Thursday, January 14th 2021, 7:00 pm - The planet was a hair's breadth from logging a new hottest year on record.

Global temperatures in 2020 came so close to setting a new record that climate scientists are actually split on whether it beat, tied, or came in second to 2016.

It is too close to call, definitively. With all of the temperature data tallied from last year, the major climate agencies have now reported on where 2020 landed on the list of warmest years on record.

According to Europe's Copernicus Climate Change Service, it was a tie, with both 2020 and 2016 global average temperature being 1.25°C above what they were in the pre-industrial era.

Annual-Temps-1970-2020-Copernicus-ECMWFAnnual global temperatures since the pre-industrial period (left-hand axis) and relative to 1981-2010 (right-hand axis). Credit: Copernicus Climate Change Service/ECMWF

NASA agrees that 2020 and 2016 are tied for the warmest on record. Their data shows that both years were 1.02°C above the 1951–1980 period. However, the agency also noted that 2020's temperatures may have actually edged out 2016's as the warmest. It was just that the margin for error in the data didn't allow them to call it.

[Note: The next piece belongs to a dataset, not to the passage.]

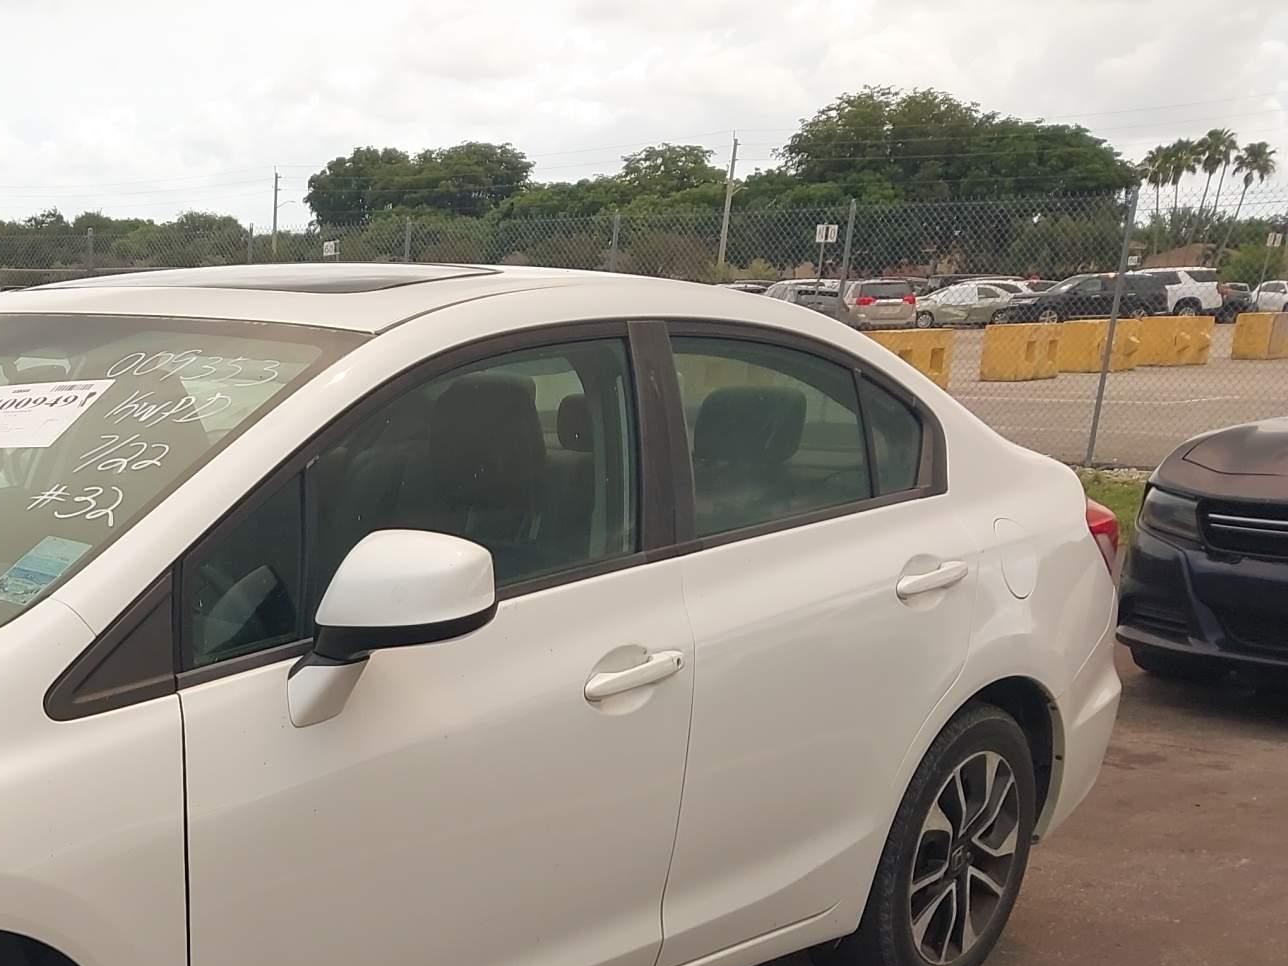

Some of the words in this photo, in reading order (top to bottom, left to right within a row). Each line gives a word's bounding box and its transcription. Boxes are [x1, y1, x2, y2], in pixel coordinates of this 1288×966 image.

[106, 349, 280, 387] 009353
[72, 433, 170, 474] 7/22
[26, 483, 124, 527] #32

2020-ties-2016-annual-temperatures-NASA-GISSAnnual average temperatures from NASA's records put 2016 and 2020 in a statistical tie. Credit: NASA GISS

"The last seven years have been the warmest seven years on record, typifying the ongoing and dramatic warming trend," Gavin Schmidt, the director of NASA's Goddard Institute for Space Studies, said in a press release. "Whether one year is a record or not is not really that important — the important things are long-term trends. With these trends, and as the human impact on the climate increases, we have to expect that records will continue to be broken."

Based on NOAA's tally, 2016 managed to keep a lone hold on the top spot in the list of the hottest years on record. NOAA reports it was extremely close, however, with 2020 coming in second at 0.98°C above the 20th century average — just 0.02°C behind 2016's record.

global-land-ocean-anomalies-202001-202012-NOAATemperature records from 1880-2020 from NOAA show this past year just slightly behind the hottest year on record. Credit: NOAA NCEI

With a record-setting El Niño pumping excess heat from the oceans into the atmosphere in 2016, it was no surprise that year took the top spot in the list of hottest years. In contrast, there was a weak El Niño in place to start 2020 (nowhere near the strength of the 2015–2016 pattern). Then in the latter half of the year, the equatorial Pacific slipped into La Niña conditions, which tends to cool things off rather significantly. Simply based on that, it didn't seem like 2020 should come this close to displacing 2016 from its record.

Remove the influence of El Niño and La Niña, as shown in the graph below, and the reason for 2020's current ranking becomes more apparent.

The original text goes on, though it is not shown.